Can we please, please, please not have that as official policy without carefully thinking through the implications?

It is undefined behaviour in C and C++, so we are not constrained by backwards compatibility with existing code.

I have never seen an example where signed integer overflow happened, which was not a bug. In my opinion, making it legal is an own goal, an unforced error.

Suppose we made it an error. We'd be in a much better position than C. We could easily add a check for integer overflow into CTFE. We could allow compilers and static analysis tools to implement runtime checks for integer overflow, as well.
Are we certain that we want to disallow this?

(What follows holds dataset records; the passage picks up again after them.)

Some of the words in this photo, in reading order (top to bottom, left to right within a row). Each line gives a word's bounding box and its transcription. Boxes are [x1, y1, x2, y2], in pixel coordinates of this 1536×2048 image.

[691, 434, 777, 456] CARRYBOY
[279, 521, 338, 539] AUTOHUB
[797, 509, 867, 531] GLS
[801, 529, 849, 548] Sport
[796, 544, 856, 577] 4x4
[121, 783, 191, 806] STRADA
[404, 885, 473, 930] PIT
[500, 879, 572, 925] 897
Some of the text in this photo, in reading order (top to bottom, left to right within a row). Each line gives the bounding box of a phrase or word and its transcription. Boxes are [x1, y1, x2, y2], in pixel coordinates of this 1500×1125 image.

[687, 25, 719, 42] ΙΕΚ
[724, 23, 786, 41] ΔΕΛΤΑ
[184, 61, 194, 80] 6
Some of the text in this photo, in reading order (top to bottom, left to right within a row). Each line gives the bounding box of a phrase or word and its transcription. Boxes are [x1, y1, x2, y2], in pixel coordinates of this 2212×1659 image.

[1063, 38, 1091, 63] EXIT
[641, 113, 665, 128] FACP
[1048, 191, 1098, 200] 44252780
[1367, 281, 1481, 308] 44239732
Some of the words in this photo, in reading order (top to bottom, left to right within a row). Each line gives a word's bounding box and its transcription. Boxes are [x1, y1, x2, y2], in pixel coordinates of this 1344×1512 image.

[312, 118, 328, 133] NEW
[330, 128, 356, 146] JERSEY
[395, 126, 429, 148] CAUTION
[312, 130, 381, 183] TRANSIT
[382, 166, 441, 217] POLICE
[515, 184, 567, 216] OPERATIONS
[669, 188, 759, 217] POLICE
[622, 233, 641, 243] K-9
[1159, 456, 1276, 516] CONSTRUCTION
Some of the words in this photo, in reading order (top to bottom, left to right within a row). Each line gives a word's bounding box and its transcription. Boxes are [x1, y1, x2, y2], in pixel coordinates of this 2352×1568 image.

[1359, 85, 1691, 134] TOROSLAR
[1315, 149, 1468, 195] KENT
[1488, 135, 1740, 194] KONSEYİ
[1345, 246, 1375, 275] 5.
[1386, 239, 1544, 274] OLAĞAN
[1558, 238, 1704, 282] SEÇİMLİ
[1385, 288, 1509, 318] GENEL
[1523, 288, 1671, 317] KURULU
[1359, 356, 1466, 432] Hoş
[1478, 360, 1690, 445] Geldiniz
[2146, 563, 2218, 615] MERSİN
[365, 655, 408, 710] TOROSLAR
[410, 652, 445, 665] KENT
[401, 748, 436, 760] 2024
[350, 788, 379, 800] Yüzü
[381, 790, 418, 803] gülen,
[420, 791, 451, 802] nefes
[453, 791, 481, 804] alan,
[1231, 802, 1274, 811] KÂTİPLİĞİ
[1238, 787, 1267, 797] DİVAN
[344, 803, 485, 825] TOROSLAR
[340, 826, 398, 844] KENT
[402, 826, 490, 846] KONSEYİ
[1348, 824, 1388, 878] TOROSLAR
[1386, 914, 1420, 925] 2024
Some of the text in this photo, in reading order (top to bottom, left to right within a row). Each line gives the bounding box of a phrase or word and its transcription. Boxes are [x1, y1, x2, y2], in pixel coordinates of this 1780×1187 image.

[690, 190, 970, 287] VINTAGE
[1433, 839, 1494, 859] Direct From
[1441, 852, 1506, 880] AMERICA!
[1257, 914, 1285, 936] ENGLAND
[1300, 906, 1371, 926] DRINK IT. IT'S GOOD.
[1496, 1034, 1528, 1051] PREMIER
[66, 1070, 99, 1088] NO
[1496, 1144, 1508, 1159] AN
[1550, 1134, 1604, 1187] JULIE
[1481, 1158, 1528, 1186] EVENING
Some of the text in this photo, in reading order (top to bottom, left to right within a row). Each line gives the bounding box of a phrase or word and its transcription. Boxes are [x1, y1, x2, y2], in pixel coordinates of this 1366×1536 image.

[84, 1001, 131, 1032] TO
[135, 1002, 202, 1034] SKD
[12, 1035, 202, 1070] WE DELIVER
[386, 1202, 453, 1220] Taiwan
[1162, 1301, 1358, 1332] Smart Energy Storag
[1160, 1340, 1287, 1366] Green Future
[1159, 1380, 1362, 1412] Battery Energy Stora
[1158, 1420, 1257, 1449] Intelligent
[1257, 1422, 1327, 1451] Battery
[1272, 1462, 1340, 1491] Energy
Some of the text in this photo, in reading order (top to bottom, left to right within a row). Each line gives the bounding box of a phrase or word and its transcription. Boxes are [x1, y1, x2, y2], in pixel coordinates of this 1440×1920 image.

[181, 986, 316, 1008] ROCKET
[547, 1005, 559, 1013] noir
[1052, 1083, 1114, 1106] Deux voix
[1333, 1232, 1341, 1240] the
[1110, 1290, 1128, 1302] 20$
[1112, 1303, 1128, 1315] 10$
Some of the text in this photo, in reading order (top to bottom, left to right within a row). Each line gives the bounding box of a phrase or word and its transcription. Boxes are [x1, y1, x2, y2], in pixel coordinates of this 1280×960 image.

At the very least, we should change the terminology on that page. The word "overflow" should not be used when referring to both signed and unsigned types. On that page, it is describing two very different phenomena, and gives the impression that it was written by somebody who does not understand what they are talking about.
The usage of the word "wraps" is sloppy.

That page should state something like:
For any unsigned integral type T, all arithmetic is performed modulo (T.max + 1).
Thus, for example, uint.max + 1 == 0.
There is no reason to mention the highly misleading word "overflow".

For a signed integral type T, T.max + 1 is not representable in type T.
Then, we have a choice of either declaring it to be an error, as C does; or stating that the low bits of the infinitely-precise result will be interpreted as a two's complement value. For example, T.max + 1 will be negative.

(Note that unlike the unsigned case, there is no simple explanation of what happens).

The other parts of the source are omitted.